In these cases, the justice system also removes that poor person from their family, from their community, and in many cases, from their job. These sentences can have long-lasting, widely-felt consequences, none of which directly impact community safety. …
When jail time results in three or four days of missed work, it can result in the loss of employment, making it even more difficult to pay mounting fines and consequently to find another job..”[13] (emphasis added)
Meanwhile, this predatory system of justice is a critical way for St. Louis County municipalities, especially those strapped for cash, to stay afloat.
Ferguson collected $2.6 million in court fees and fines in 2013 and was projected to collect more than $3 million in 2015 (nearly 30% of the city budget. It was so “efficient” at generating revenue in these ways that its court ranked 8th countywide for municipal court revenue.[14]
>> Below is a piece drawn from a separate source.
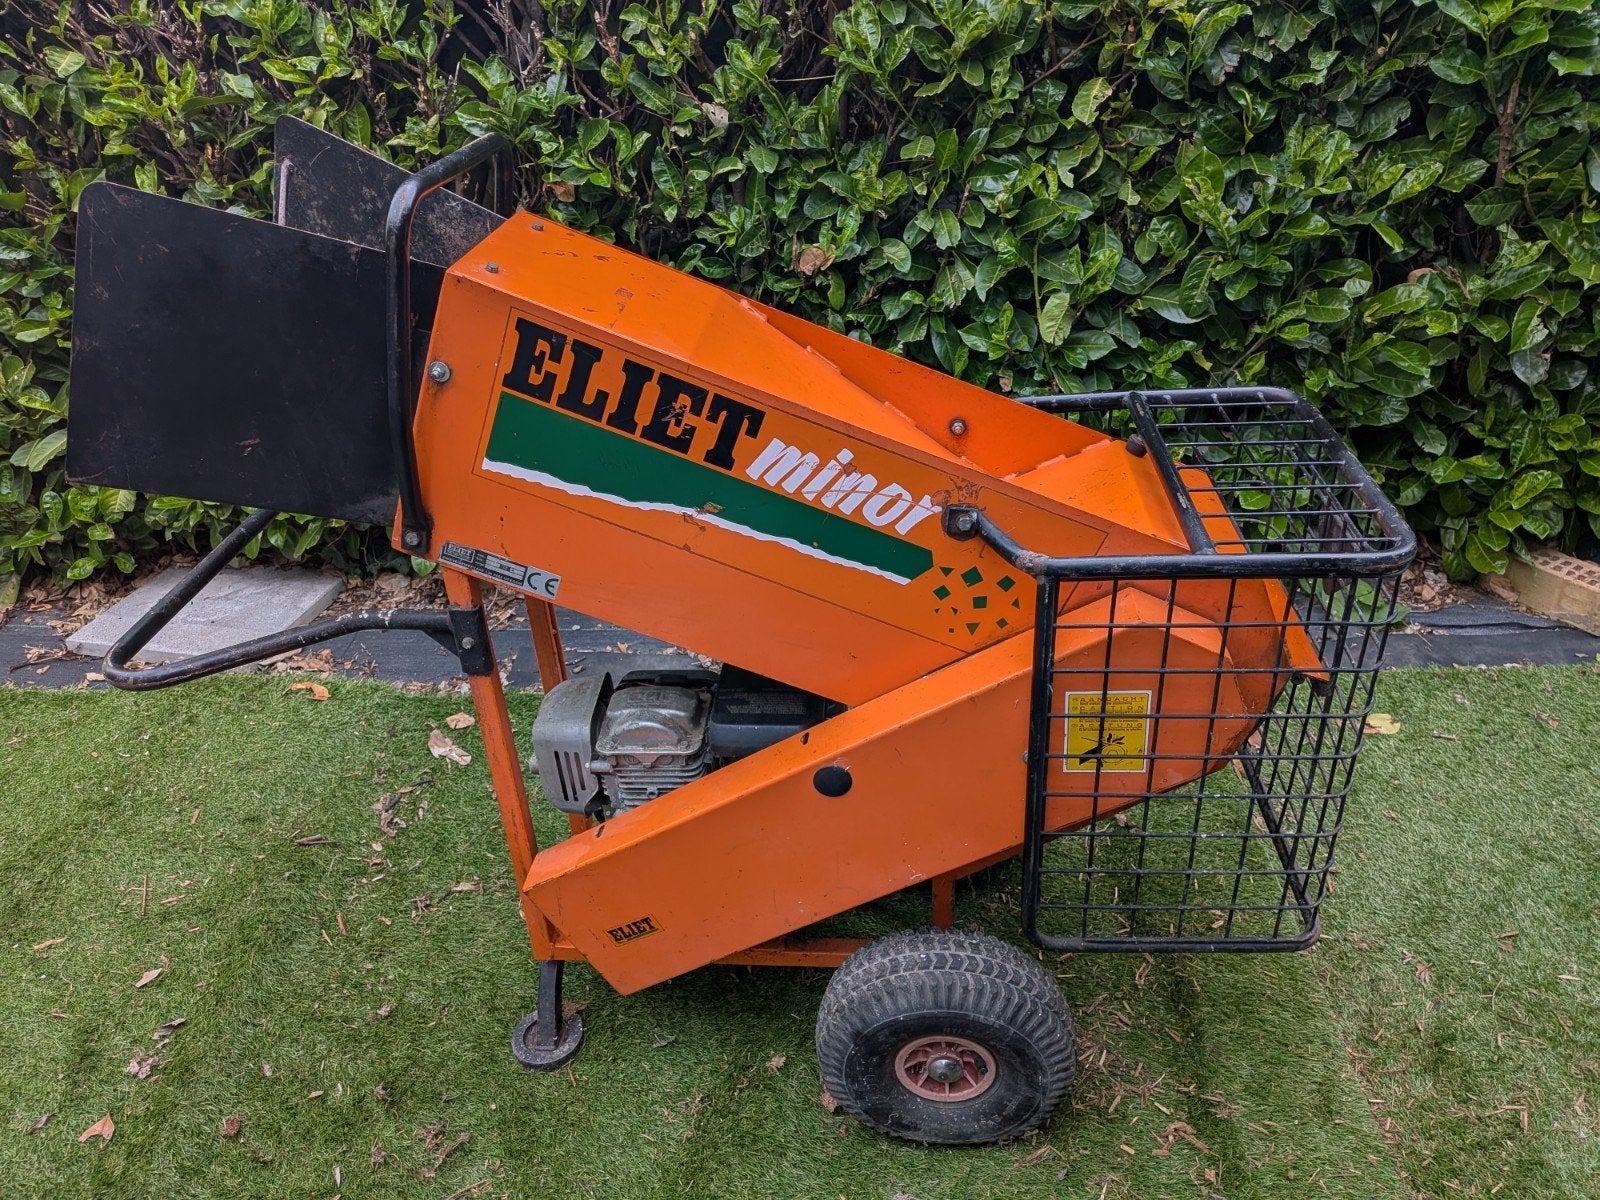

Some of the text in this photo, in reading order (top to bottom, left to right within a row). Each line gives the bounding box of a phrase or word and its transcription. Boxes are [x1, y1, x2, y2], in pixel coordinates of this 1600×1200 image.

[502, 316, 943, 536] ELIET minor
[527, 572, 559, 596] CE
[607, 916, 656, 942] ELIET
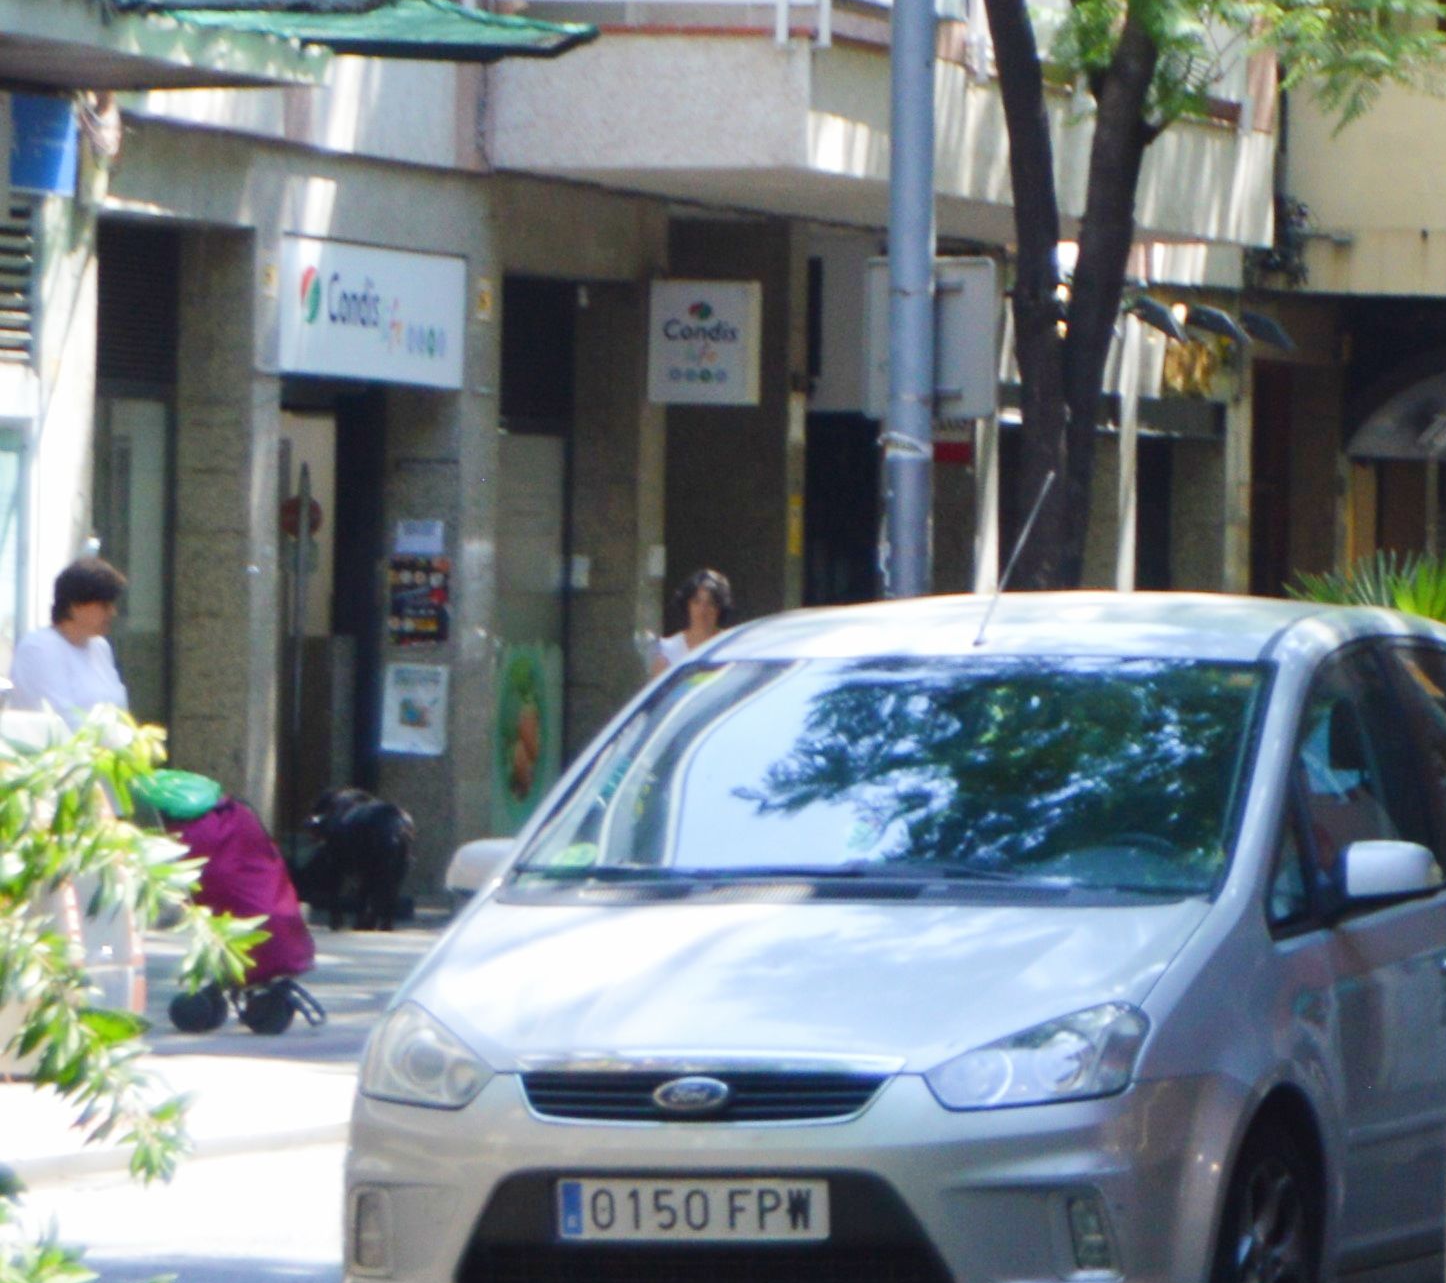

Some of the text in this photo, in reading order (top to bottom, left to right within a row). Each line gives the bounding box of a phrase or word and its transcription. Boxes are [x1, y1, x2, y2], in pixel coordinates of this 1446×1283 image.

Unfortunately, the Ferguson police find themselves in an untenable position of issuing tickets in significant volume. If they fail to write at least 28 tickets per month, the city reprimands them. As a result of these perverse incentives, one policeman wrote more than a dozen citations for a single traffic stop. To make matters worse for Ferguson’s Black residents, the city court is only open 3 days a month. If they can’t afford to pay bail, the police hold them in jail until the next court session, which is often a week or more away. Thus, too many feel compelled just to plead guilty to exit jail more quickly.[15]
In Ferguson, you can be charged with offenses such as “manner of walking” (95 percent of such tickets were issued to African Americans), “failure to obey” (89 percent were issued to African Americans), and “failure to comply” (94 percent were issued to African Americans).[16]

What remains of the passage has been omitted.